当前 Spring Security 版本:5.1.5-RELEASE [Spring Cloud Security 官方文档] [Spring Security 官方文档]

一、Spring Cloud Security 和 Spring Security

1.1、Spring Cloud Security

官方文档

Spring Cloud Security offers a set of primitives for building secure applications and services with minimum fuss.
【Spring Cloud Security 提供了一组基础组件,以最小的代价构建安全的服务和应用。】 A declarative model which can be heavily configured externally (or centrally) lends itself to the implementation of large systems of co-operating, remote components, usually with a central indentity management service. 【Spring Cloud Security 是一个声明式模型,它可以通过大量或者几种的配置实现大型系统间的远程协作。】
It is also extremely easy to use in a service platform like Cloud Foundry.
【Spring Cloud Security 很容易在云计算服务平台上使用】

Building on Spring Boot and Spring Security OAuth2 we can quickly create systems that implement common patterns like single sign on, token relay and token exchange.
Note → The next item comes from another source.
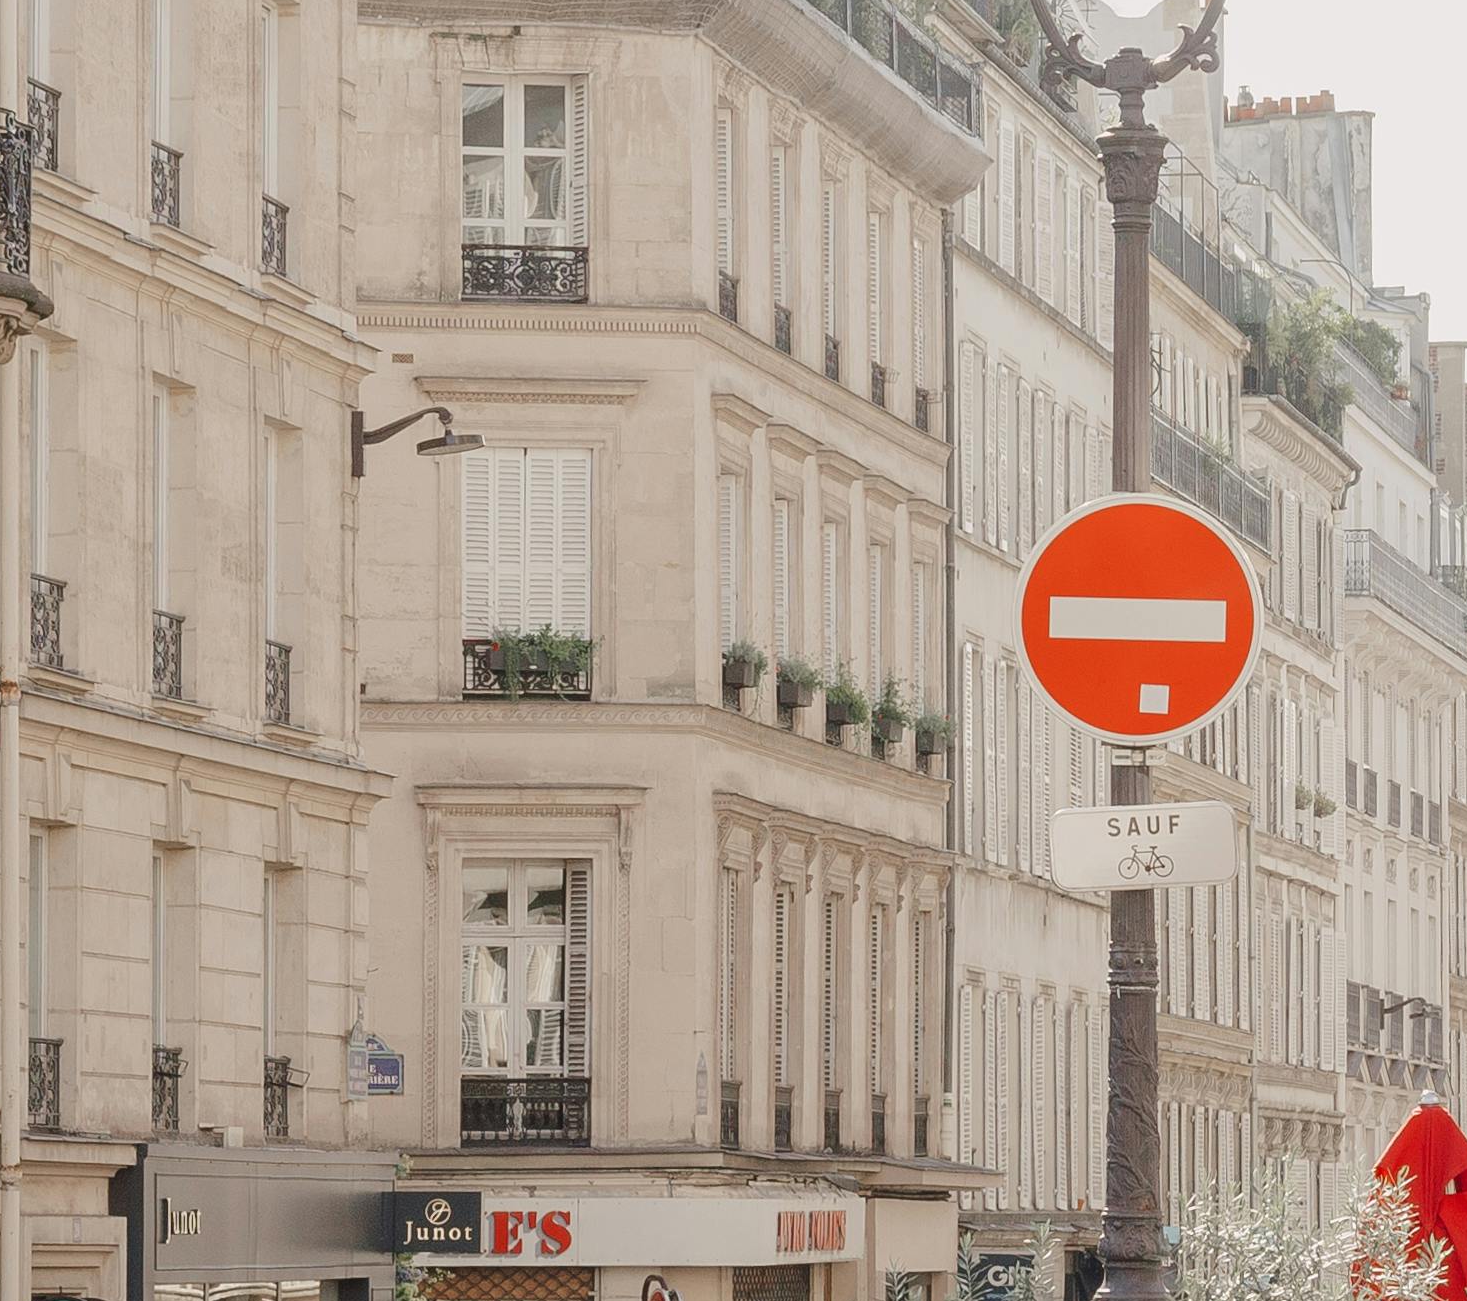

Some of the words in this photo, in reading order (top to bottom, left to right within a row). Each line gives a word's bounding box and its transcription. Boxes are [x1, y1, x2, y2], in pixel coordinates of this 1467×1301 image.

[1107, 814, 1182, 838] SAUF
[165, 1197, 202, 1245] Junot
[402, 1221, 474, 1245] Junot
【基于 Spring Boot 和 Spring Security OAuth2 可以快速的创建通用模式的系统,如:单点登录(SSO),令牌中继、令牌交换】

1.2、Spring Security

官方文档

Spring Security is a framework that provides authentication, authorization, and protection against common attacks. 【Spring Security 是一个框架,提供了身份验证、授权和防范常见攻击】
With first class support for both imperative and reactive applications, it is the de-facto standard for securing Spring-based applications. 【Spring Security 是一个事实上的标准,用于保护基于Spring的应用程序。SpringSecurity 对命令式和响应式应用程序都提供了一流的支持】


1.3、对比

Spring Cloud Security 是基于 Spring Security 的上层封装,提供了更简易的使用 API。

二、Spring Security 功能模块

文档

Spring Security provides comprehensive support for authentication, authorization, and protection against common exploits. 【Spring Security 提供了身份认证(authentication)、授权(authorization)和防范常见攻击的全面支持】 It also provides integration with other libraries to simplify its usage. 【Spring Security 还提供了与其他库的集成,以简化其使用】


  • authorization(授权)
  • protection against common exploits(防范常见漏洞)

2.1、authentication(身份认证)

2.1.1、支持的身份认证操作

Spring Security 提供了两种身份认证支持实现

  • Servlet[文档]

  • Reactive (such as:webflux)[文档]

    2.2、Password Storage(密码存储)

    Spring Security 提供 PasswordEncoder 进行明文密码的加密操作,让密码的存储更安全。
    PasswordEncoder 是单向加密工具,例如:MD5 ,主要是用来进行凭证的校验。
    [密码存储历史变迁文章]

    2.3、Protection Against Exploits(防范常规漏洞)

    Spring Security 提供了常规漏洞的防范,这些功能通常默认都是开启。
    常规漏洞

  • Cross Site Request Forgery(CSRF)跨站请求伪造 [文章]

  • Security HTTP Response Headers 如:XSS 攻击 [文章]